Neville Courtenay Bower (3 October 1934 – 22 September 2007) was an Anglo-Indian British composer, concert pianist, and educator. He is best known for his solo piano repertoire, chamber music and his contribution to modern song cycle repertory - particularly for the countertenor.

== Early life and education ==
Bower was born in Allahabad, India. He was first educated at schools in Allahabad, then Sherwood College, Nainital (1945-1949). Bower had shown great promise playing piano from a young age. In 1947 he achieved the highest examination mark in India from Trinity College London winning a special scholarship for the second year in succession; later attaining ATCL in 1948 and LTCL in 1949.

When his family emigrated to the United Kingdom in 1950, they settle in London; there, Bower attended Battersea Polytechnic where he matriculated in 1951. He enrolled at the Royal College of Music (RCM) in 1951, where he studied piano with Kendall Taylor, composition with Patrick Hadley, organ with Osborne Peasgood, clarinet with Ralph Clarke and, accompaniment with Hilda Klien, and theory studies with Harry Stubbs. Bower graduated ARCM in 1954, then LRAM for teaching in 1956. Later in life he achieved a BA from the Open University in 1985, and FTCL for composition from Trinity College London in 1987, the later being examined by Geoffrey Bush.

== Concert pianist ==
After graduating from the RCM in 1956 Bower spent two years teaching at a comprehensive - Manor Secondary Modern School, Ruislip - before returning to attempt a performance career. He worked as a ballet pianist at Ballet Rambert school, and performed recitals in London and Oxford. When the Holywell Music Room was refurbished in 1959, Bower performed a programme of piano-duos with Jessie Munro upon its reopening.

In 1962 Bower performed Liszt's first piano concerto with the Modern Symphony Orchestra under Arthur Dennington, in which he "captured much of the glitter and excitement in a performance which was essentially masculine and suited the work very well." The critic noting his, "Octave runs and scale passages were commendably clean and accurate."

Bower's masculine performance style was not to everyone's taste, another critic wrote, "Although he [Bower] had quite a good command of the keyboard, he performed Beethoven's reflective E Flat Sonata, Op. 27 (Quasi una Fantasia) in the manner of a Czerny study, and left Debussy's mysterious L'Isle Joyesue in the state of a battlefield."

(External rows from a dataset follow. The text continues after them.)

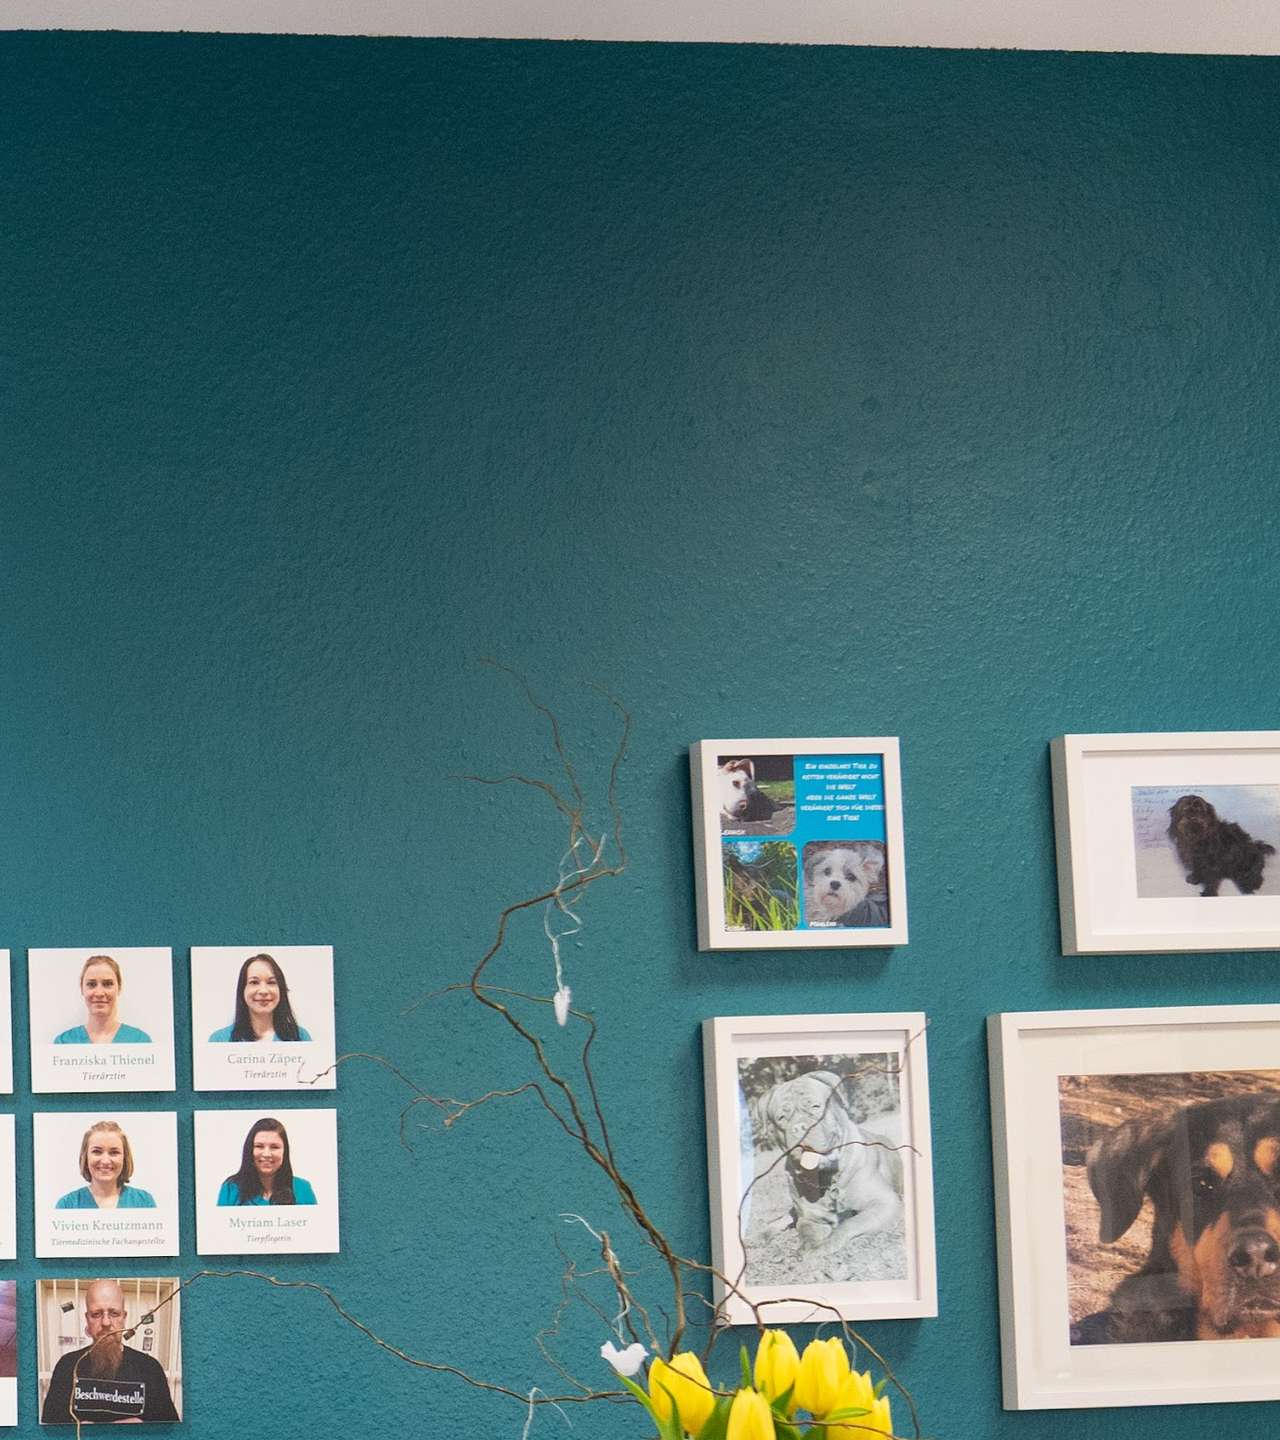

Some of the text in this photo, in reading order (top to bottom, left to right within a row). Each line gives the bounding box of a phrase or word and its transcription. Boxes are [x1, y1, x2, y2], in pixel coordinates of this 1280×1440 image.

[52, 1054, 155, 1066] Franziska Thienel
[227, 1053, 303, 1067] Carina Zäper
[82, 1070, 126, 1081] Tierärztin
[244, 1069, 287, 1079] Tierärztin
[52, 1219, 164, 1232] Vivien Kreutzmann
[229, 1217, 307, 1231] Myriam Laser
[74, 1387, 145, 1405] Beschwerdestelle

One of Bowers last outings as a concert pianist was the first Leeds International Piano Competition. Not long after, the injuries from a car accident ended the prospect of a performance career.

== Teaching ==
Following the end of his concert pianist career Bower taught at Henry Compton School, Fulham, then music master at Ealing Grammar School (1967-1974).

During Bower's tenure at Ealing Grammar the school ensembles performed regularly. The school choir sang annual festival nine lessons and carols at St Mary's Church, South Ealing; an outing organised by Bower himself; which was always popular well attended.

Under Bower's direction the school choir performed music outside the typical range of secondary students; performing in concerts under conductors such as Norman Del Mar, Henryk Czyż, and Antal Doráti. He prepared the school choir for a performance of the St Matthew Passion with Roger Norrington as the Evangelist. Later, in the same year, Bower conducted a performance of the Messiah with soloists including Kenneth Woollam.

The school choir won awards, recorded an album of Christmas music, and performed on radio and television. Bower and a number of his students appeared in the film Goodbye, Mr. Chips as conductor and school orchestra respectively.

The last secondary teaching position Bower held was at Slough (Upton) Grammar School (1974-1986); after retiring from secondary teaching, he worked as a music examiner at London University (1987-1995).

== Composition ==
Bower wrote his first composition at the age of ten. His early music written in India was lost to harsh conditions and his family's moving around. Bower wrote for the people around him; students, friends and colleagues. His first compositions published between 1962 and 1965) by Boosey & Hawkes were for school choirs (Op.1, Nos. 1-3).

In 1966 Bower's Sonata for oboe and piano (Op. 9) won the Waltham Forest Contemporary Music Competition; a sonata Leon Goossens is reported to have described as 'splendid'. In 1971, Bower wrote Concertante for oboe and orchestra (Op. 15) for oboist Janice Knight; premiered the following year with West London Symphony Orchestra.

Bower's works for organ are considered a significant contribution to the repertory of modern organ music. Eternal (Op. 32) for organ was premiered a Lichfield Cathedral in 1988 by Jonathan Rees-Williams. The organist Kevin Bowyer described Eternal (Op. 32) as an "unjustly neglected piece of British organ music." Detailed descriptions of Bower's organ works are included in a notable reference book for modern and contemporary organ music.

His sacred music has been performed at many cathedrals and notable venues, including St George's Chapel, Windsor Castle. An entry containing Bower's biography and a list of his sacred compositions appears in the Dictionary of Composers for the Church in Great Britain and Ireland.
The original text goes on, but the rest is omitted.